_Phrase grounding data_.
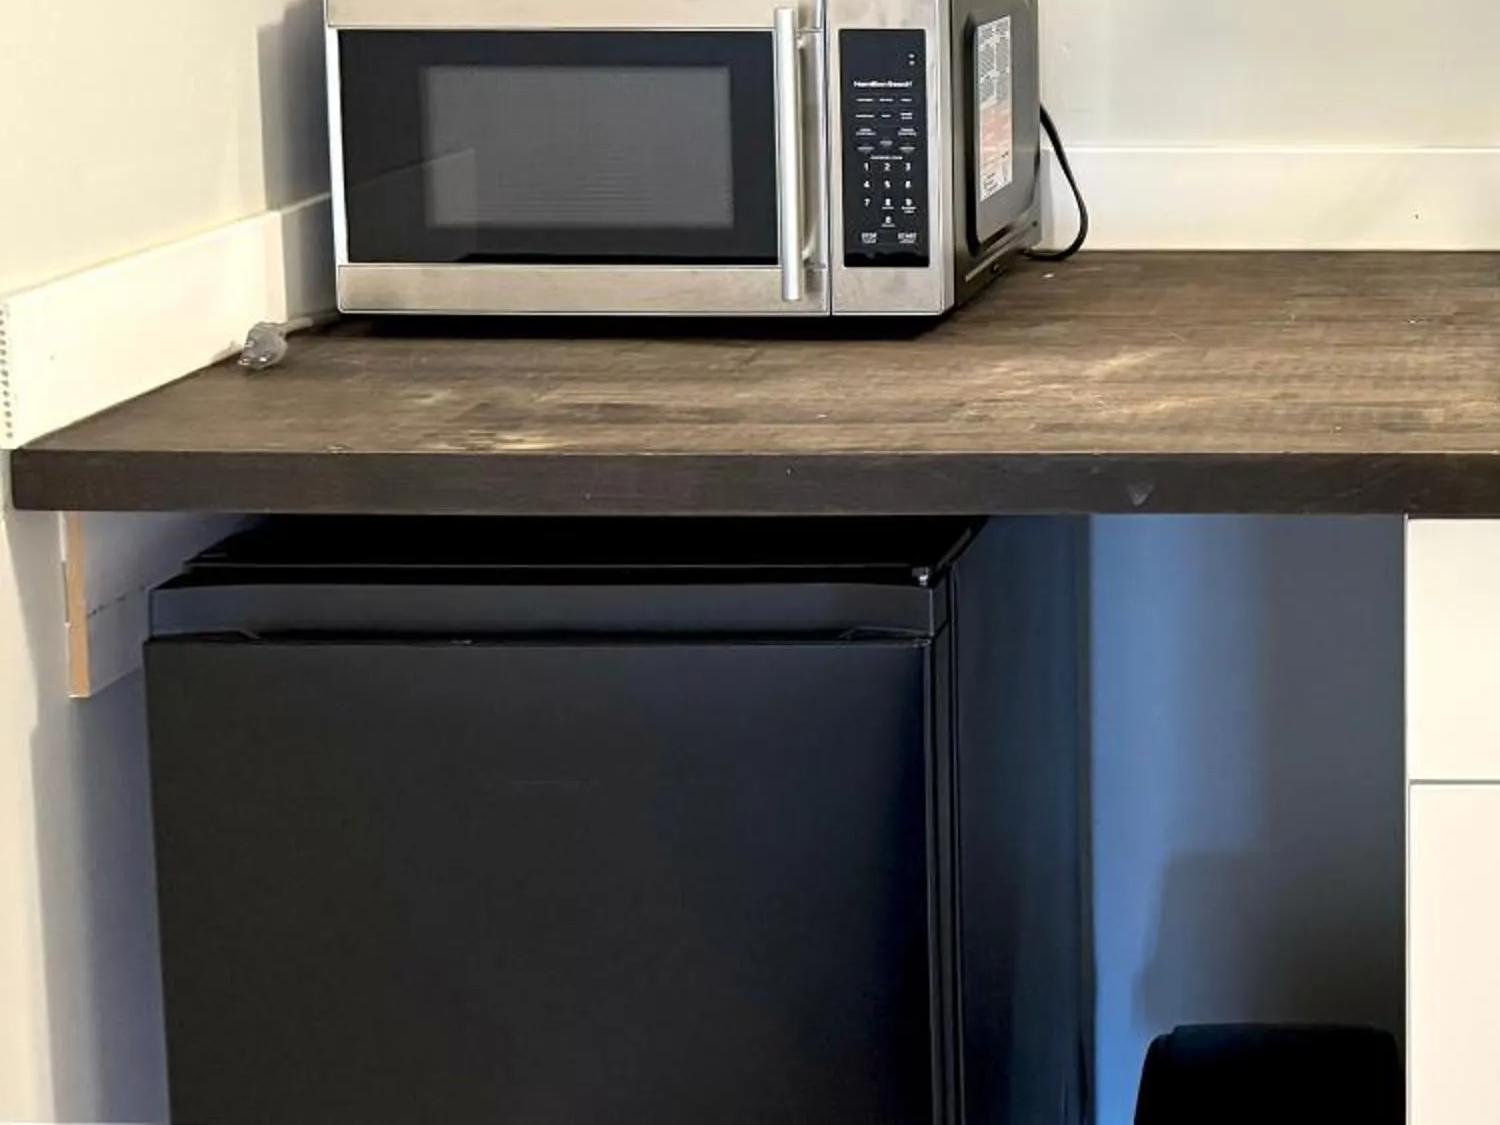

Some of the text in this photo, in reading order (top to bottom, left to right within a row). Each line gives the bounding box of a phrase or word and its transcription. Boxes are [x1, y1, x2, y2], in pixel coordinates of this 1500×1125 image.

[864, 162, 911, 172] 1 2 3
[863, 180, 871, 189] 4
[884, 180, 891, 189] 5
[864, 198, 871, 207] 7

_WHAT THE EXERCISE ASKS_. Repeat the full set of records exactly, and output no pictures.

_SOLVED PROBLEM_.
Some of the text in this photo, in reading order (top to bottom, left to right within a row). Each line gives the bounding box of a phrase or word and its transcription. Boxes are [x1, y1, x2, y2], in pixel coordinates of this 1500×1125 image.

[864, 162, 911, 172] 1 2 3
[863, 180, 871, 189] 4
[884, 180, 891, 189] 5
[864, 198, 871, 207] 7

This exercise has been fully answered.